(Supplied entries)
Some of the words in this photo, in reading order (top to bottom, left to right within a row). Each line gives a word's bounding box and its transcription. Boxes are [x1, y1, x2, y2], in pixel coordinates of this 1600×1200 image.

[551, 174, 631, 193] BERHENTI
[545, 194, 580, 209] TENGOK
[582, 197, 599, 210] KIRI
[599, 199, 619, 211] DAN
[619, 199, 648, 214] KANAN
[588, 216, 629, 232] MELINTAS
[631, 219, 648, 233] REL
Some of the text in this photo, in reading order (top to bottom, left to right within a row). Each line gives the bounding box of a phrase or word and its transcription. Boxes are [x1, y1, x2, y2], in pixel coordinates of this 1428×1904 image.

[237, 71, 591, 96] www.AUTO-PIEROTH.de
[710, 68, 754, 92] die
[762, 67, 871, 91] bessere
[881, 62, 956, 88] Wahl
(End Supplied entries)
What this task involves: In the listing above, find the line that contains "Some of the text". Write it out exactly, along with each line after it up to and including the last.

Reply to the exercise:
Some of the text in this photo, in reading order (top to bottom, left to right within a row). Each line gives the bounding box of a phrase or word and its transcription. Boxes are [x1, y1, x2, y2], in pixel coordinates of this 1428×1904 image.

[237, 71, 591, 96] www.AUTO-PIEROTH.de
[710, 68, 754, 92] die
[762, 67, 871, 91] bessere
[881, 62, 956, 88] Wahl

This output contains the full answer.